▶ [Work to be completed]
The answer must restate the listing word for word, without its images.

▶ [Data]
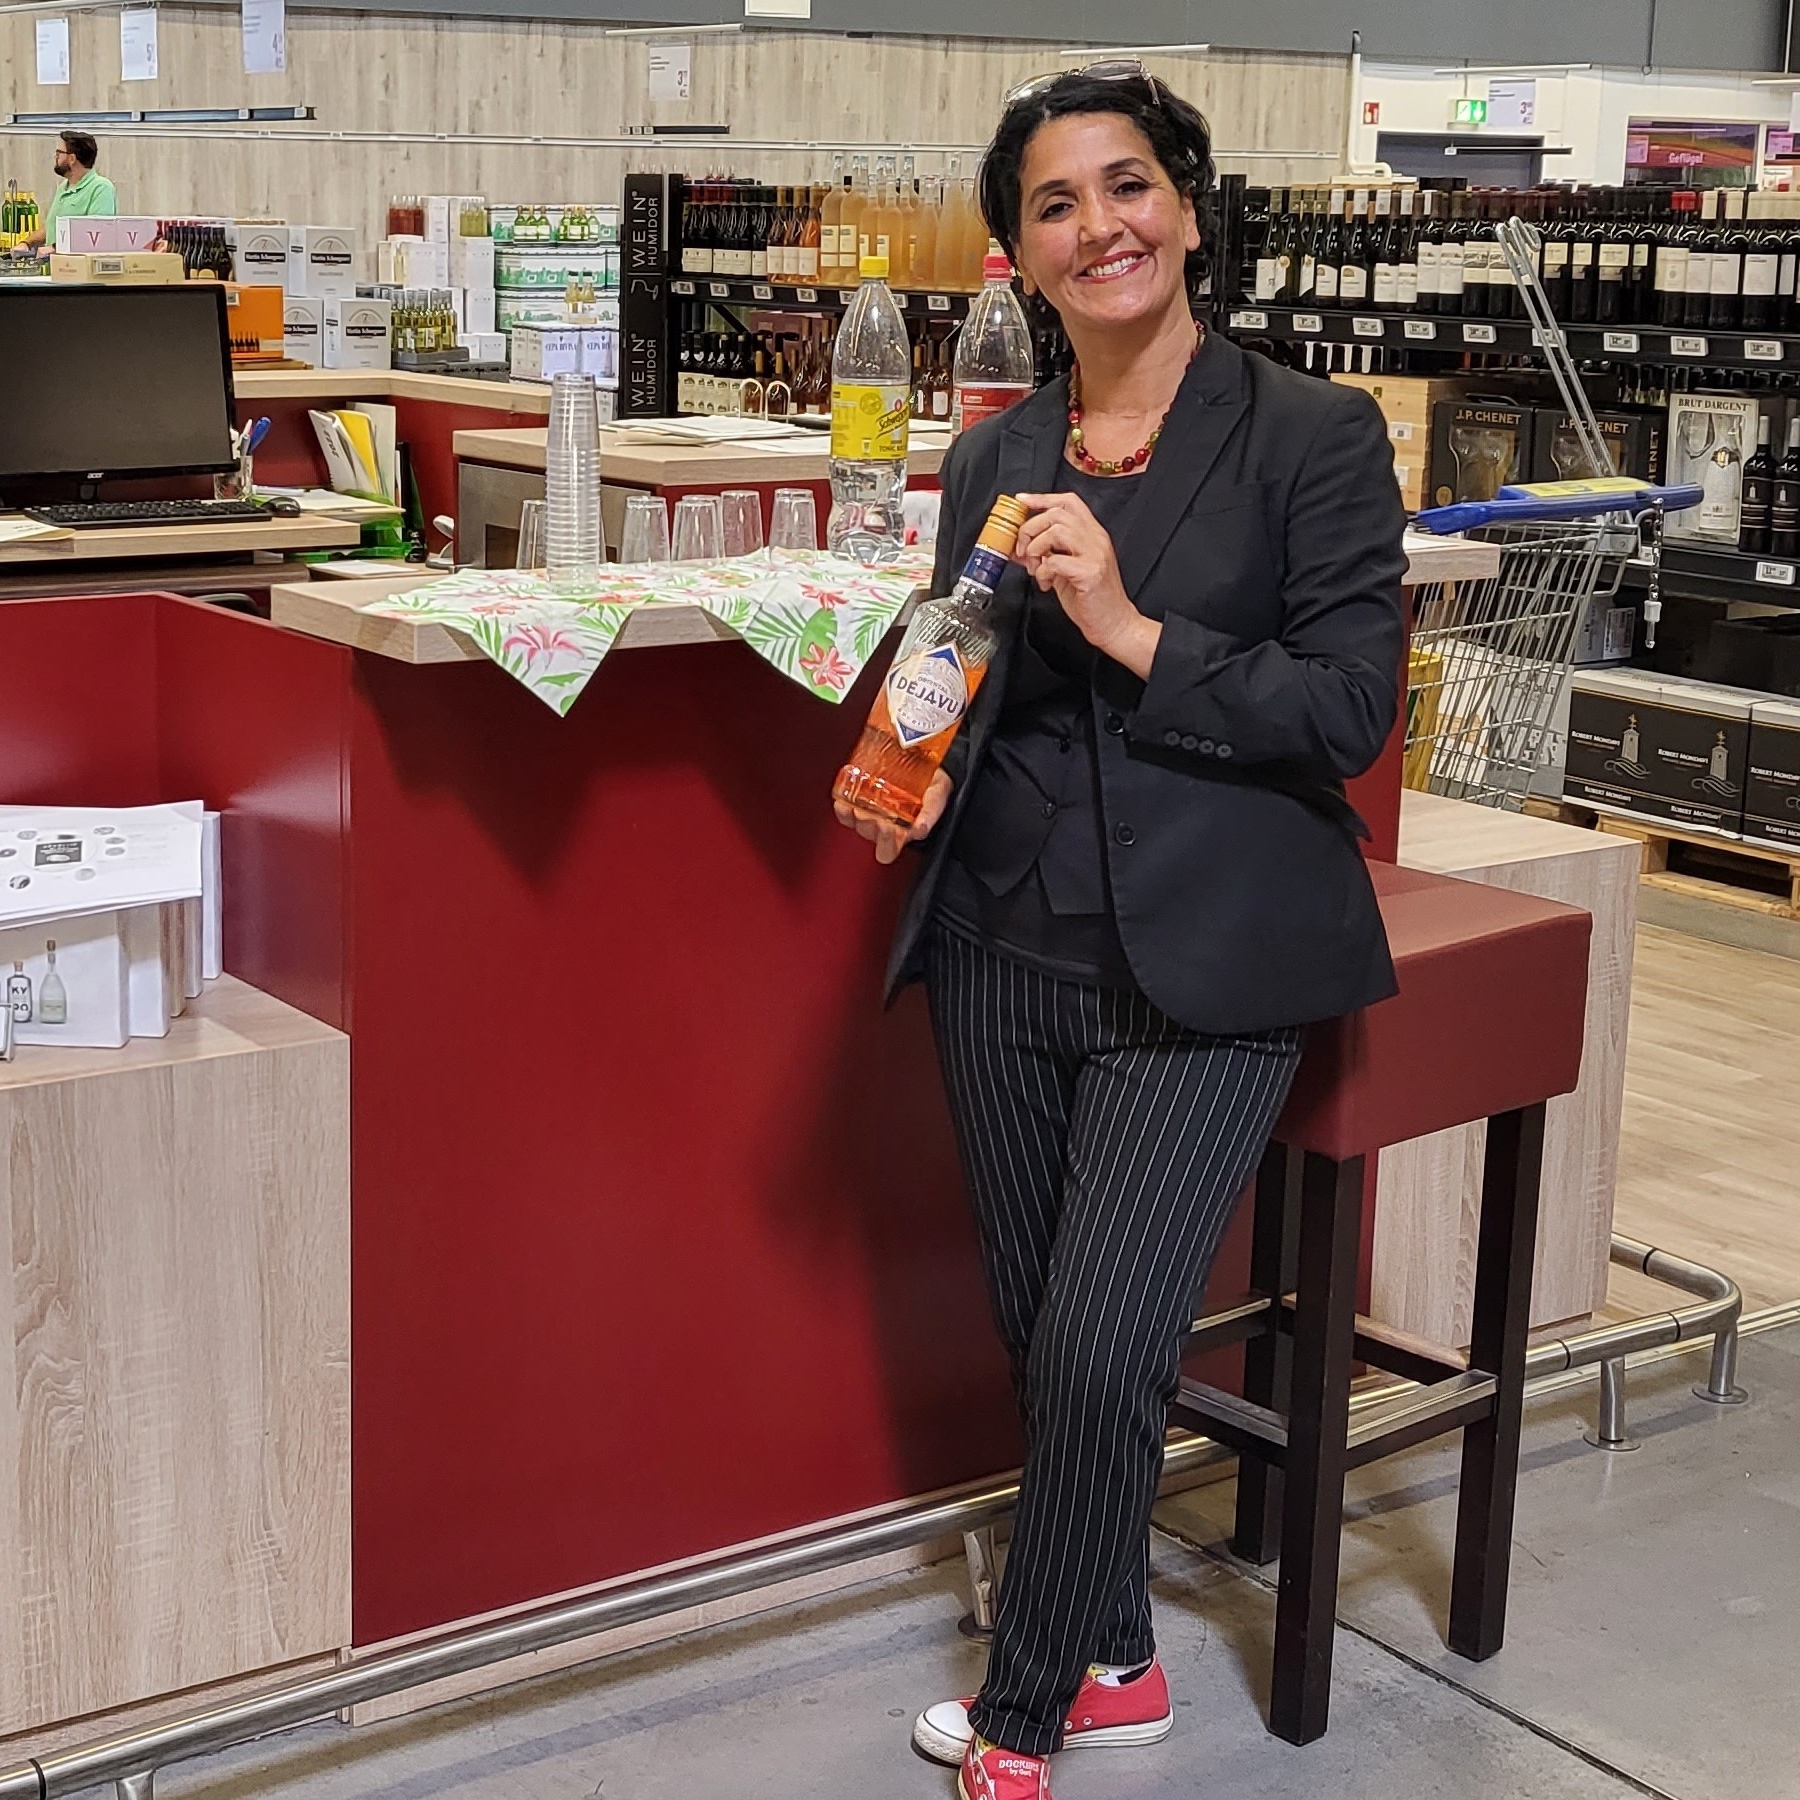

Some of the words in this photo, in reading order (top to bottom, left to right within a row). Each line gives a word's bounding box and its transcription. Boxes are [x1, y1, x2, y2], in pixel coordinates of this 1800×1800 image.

[1668, 152, 1704, 166] Geflügel
[647, 197, 658, 266] HUMIDOR
[646, 339, 657, 405] HUMIDOR
[1678, 397, 1703, 409] BRUT
[1474, 410, 1522, 425] CHENET
[12, 986, 27, 995] KY
[998, 1759, 1040, 1773] DOCKERS
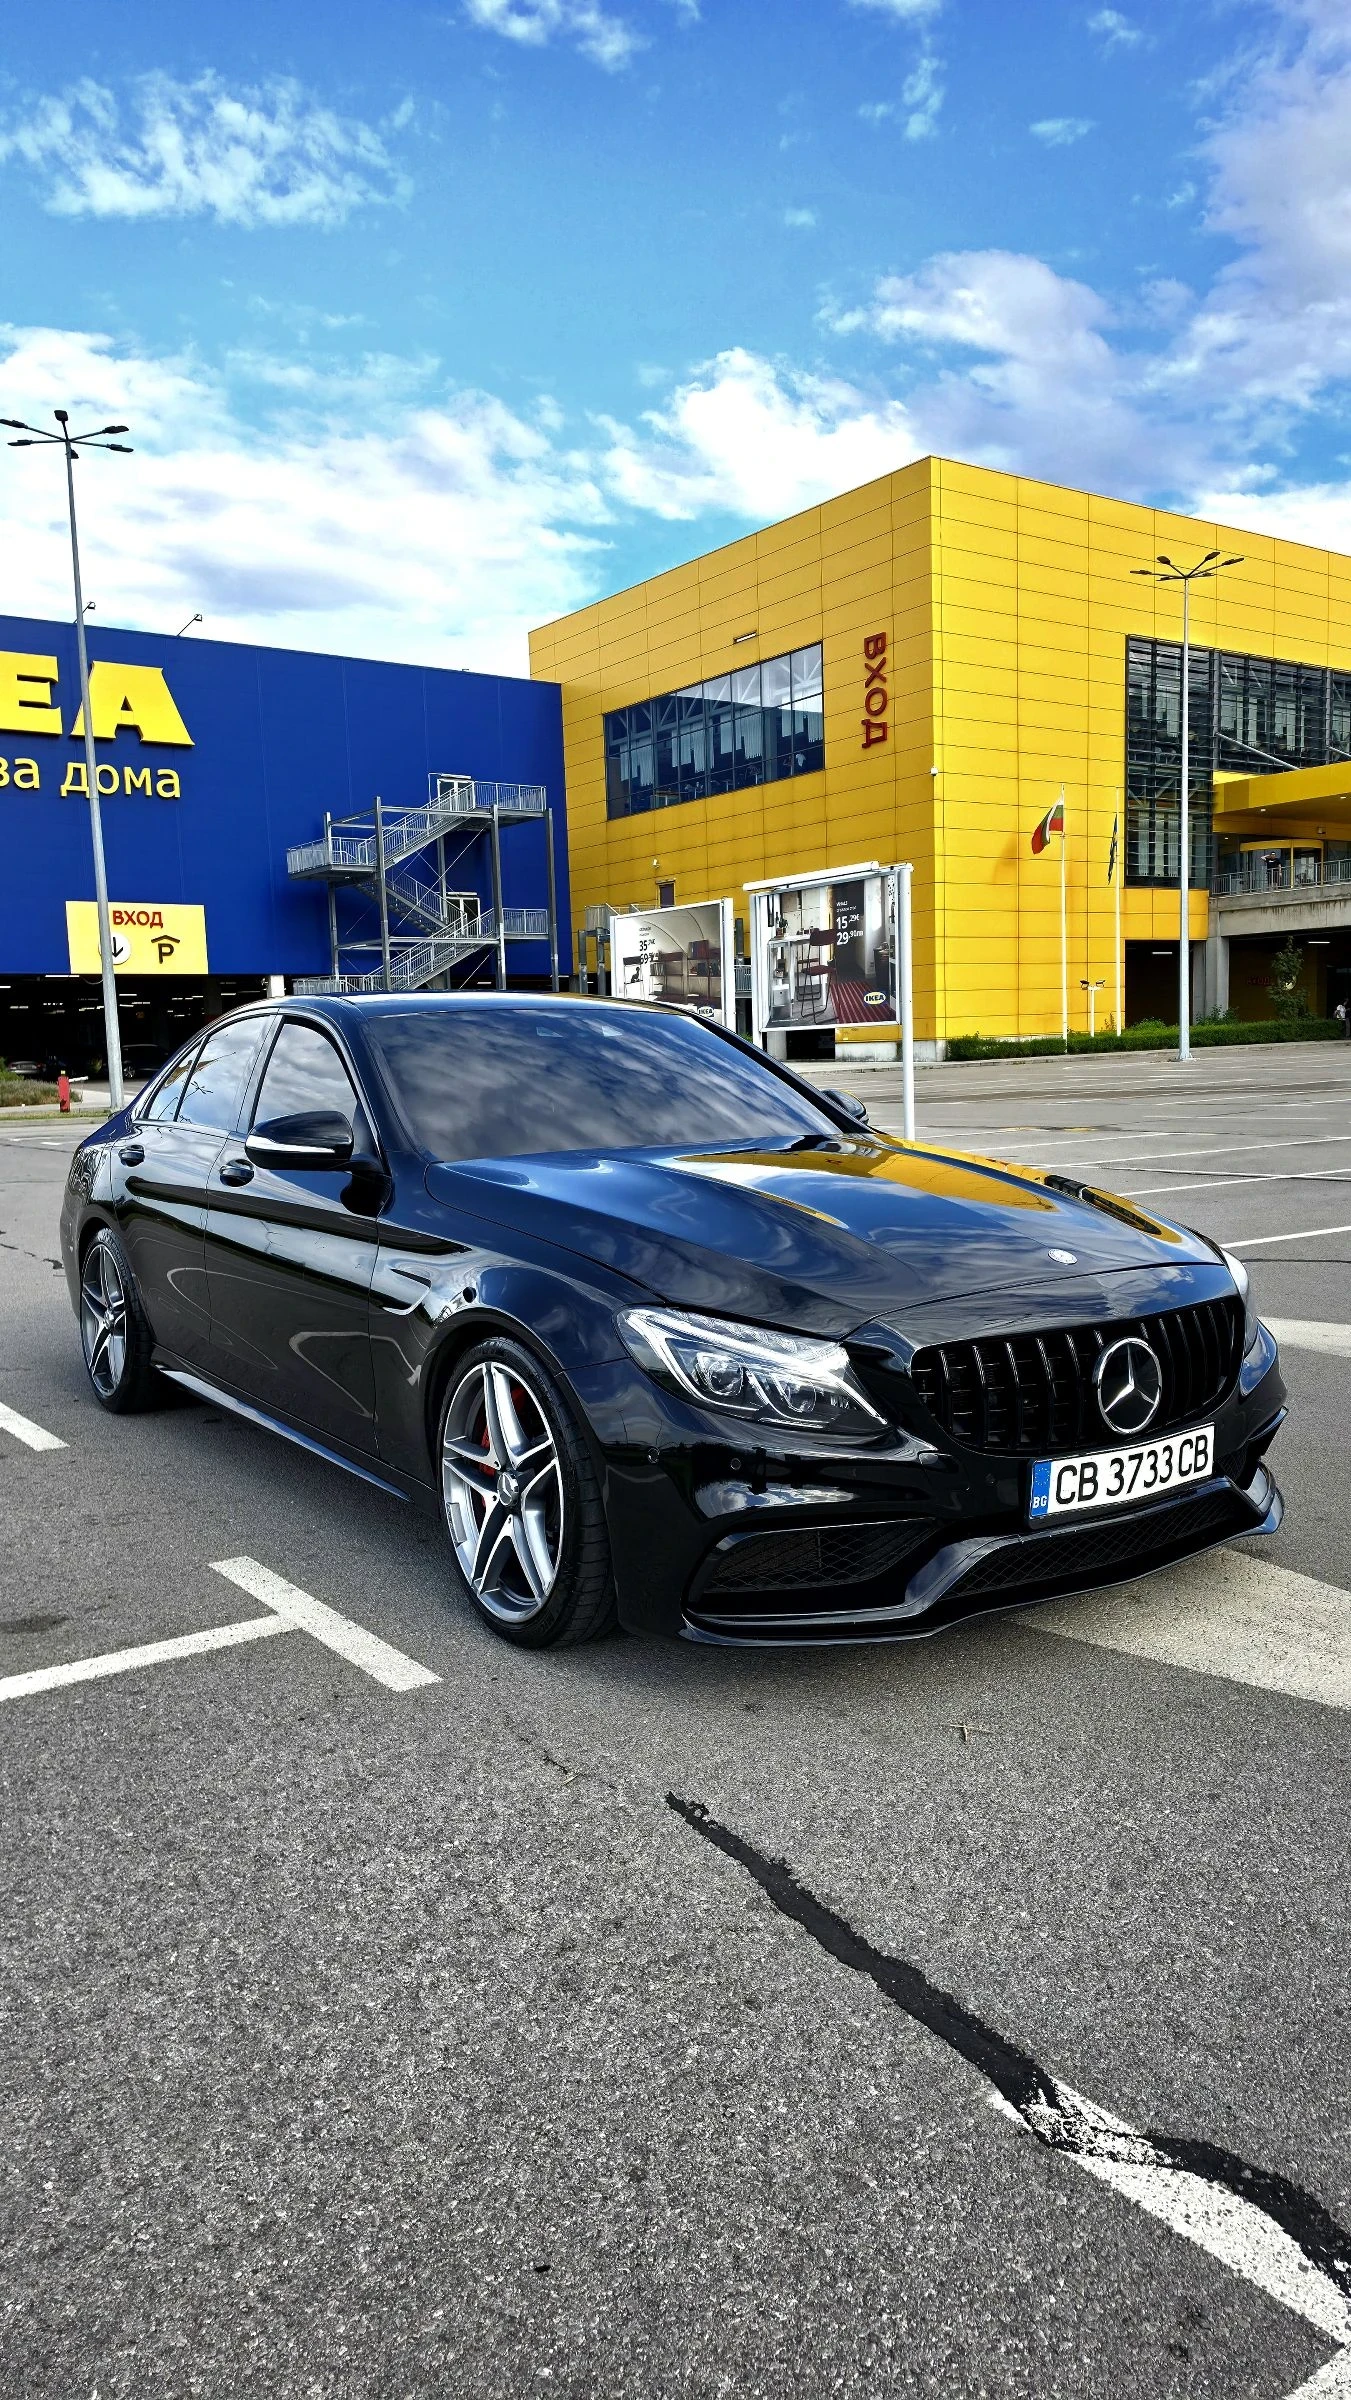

▶ [Your response]
Some of the words in this photo, in reading order (top to bottom, left to right within a row). Each line gives a word's bounding box and its transcription. Boxes are [x1, y1, x2, y2], in pixel coordinates of this 1800×1800 image.

[1668, 152, 1704, 166] Geflügel
[647, 197, 658, 266] HUMIDOR
[646, 339, 657, 405] HUMIDOR
[1678, 397, 1703, 409] BRUT
[1474, 410, 1522, 425] CHENET
[12, 986, 27, 995] KY
[998, 1759, 1040, 1773] DOCKERS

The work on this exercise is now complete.